*** Study material

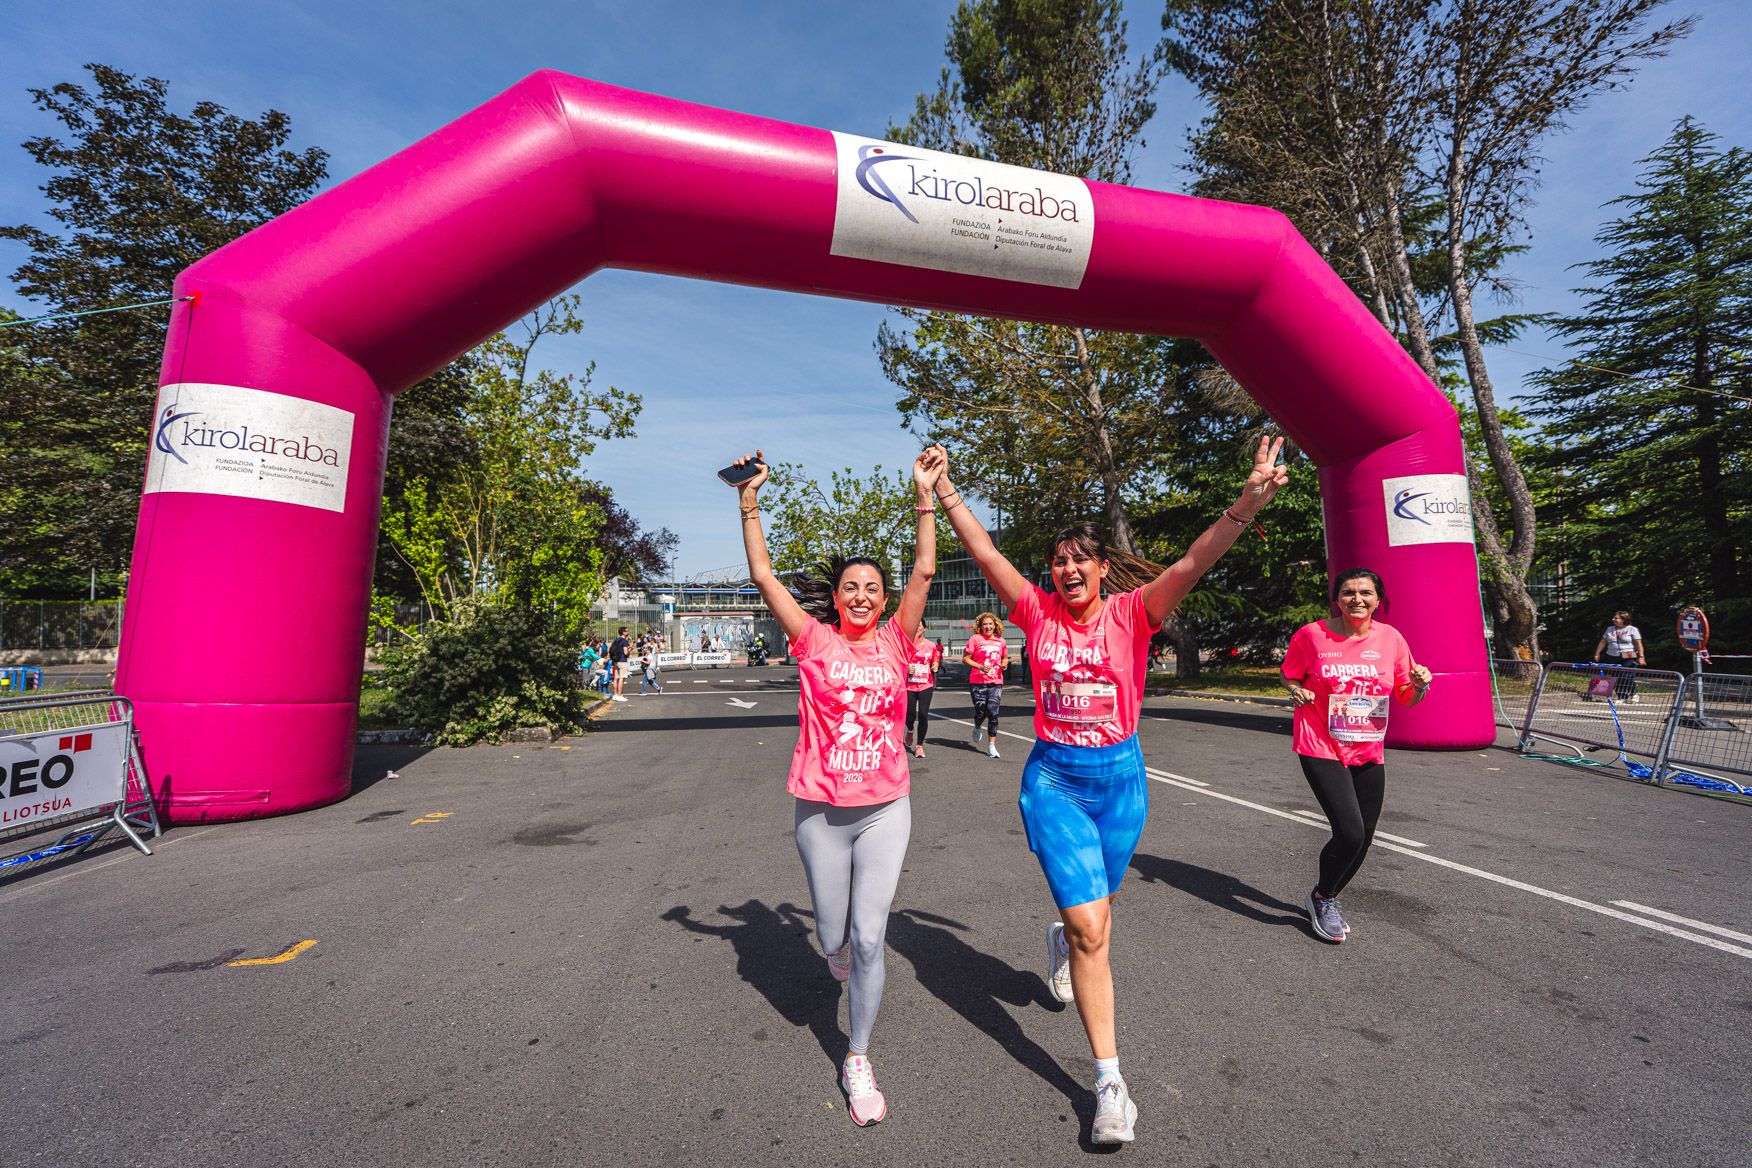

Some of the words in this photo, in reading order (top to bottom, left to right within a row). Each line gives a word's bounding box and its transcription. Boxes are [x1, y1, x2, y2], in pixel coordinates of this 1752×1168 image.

[907, 164, 1079, 223] kirolaraba
[952, 218, 991, 230] FUNDAZIOA
[997, 226, 1024, 236] Arabako
[1024, 229, 1039, 238] Foru
[951, 228, 990, 240] FUNDACIÓN
[995, 236, 1029, 247] Diputación
[1030, 240, 1046, 249] Foral
[1046, 243, 1055, 251] de
[181, 421, 340, 468] kirolaraba
[215, 465, 254, 474] FUNDACIÓN
[216, 458, 254, 467] FUNDAZIOA
[260, 463, 288, 472] Arabako
[288, 467, 303, 475] Foru
[1318, 651, 1343, 659] OYSHO
[1321, 663, 1380, 679] CARRERA
[1062, 695, 1091, 708] 016
[1347, 716, 1370, 724] 016
[856, 726, 873, 750] LA
[829, 748, 882, 771] MUJER
[0, 754, 75, 799] EO
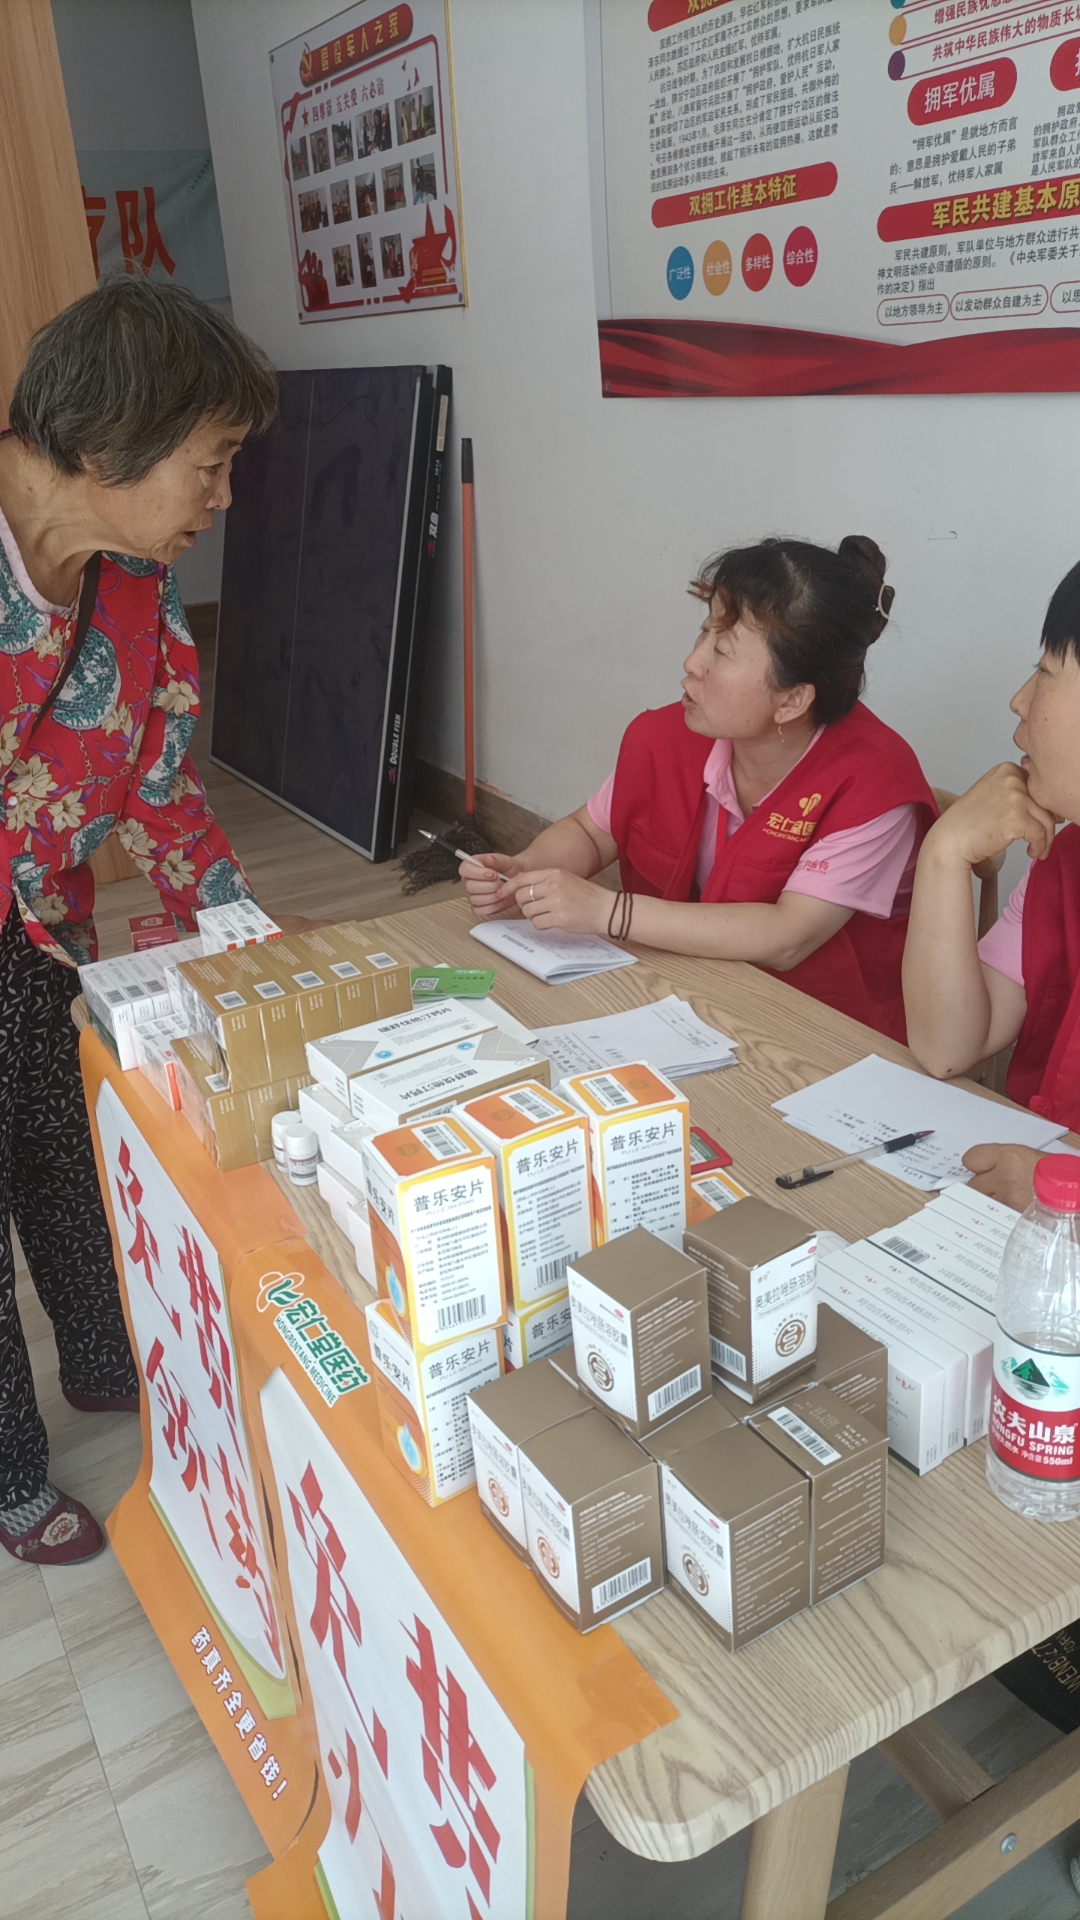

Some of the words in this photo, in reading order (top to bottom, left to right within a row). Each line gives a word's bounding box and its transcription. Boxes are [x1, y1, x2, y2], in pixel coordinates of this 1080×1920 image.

******

• _Task item_
Each entry above must be repeated word for word, minus its images.

• _Task solution_
Some of the words in this photo, in reading order (top to bottom, left to right within a row). Each line gives a word's bounding box and its transcription. Boxes are [x1, y1, x2, y2], in pixel coordinates of this 1752×1168 image.

[907, 164, 1079, 223] kirolaraba
[952, 218, 991, 230] FUNDAZIOA
[997, 226, 1024, 236] Arabako
[1024, 229, 1039, 238] Foru
[951, 228, 990, 240] FUNDACIÓN
[995, 236, 1029, 247] Diputación
[1030, 240, 1046, 249] Foral
[1046, 243, 1055, 251] de
[181, 421, 340, 468] kirolaraba
[215, 465, 254, 474] FUNDACIÓN
[216, 458, 254, 467] FUNDAZIOA
[260, 463, 288, 472] Arabako
[288, 467, 303, 475] Foru
[1318, 651, 1343, 659] OYSHO
[1321, 663, 1380, 679] CARRERA
[1062, 695, 1091, 708] 016
[1347, 716, 1370, 724] 016
[856, 726, 873, 750] LA
[829, 748, 882, 771] MUJER
[0, 754, 75, 799] EO

Some of the words in this photo, in reading order (top to bottom, left to right within a row). Each line gives a word's bounding box and its transcription. Boxes are [x1, y1, x2, y2], in pixel coordinates of this 1080×1920 image.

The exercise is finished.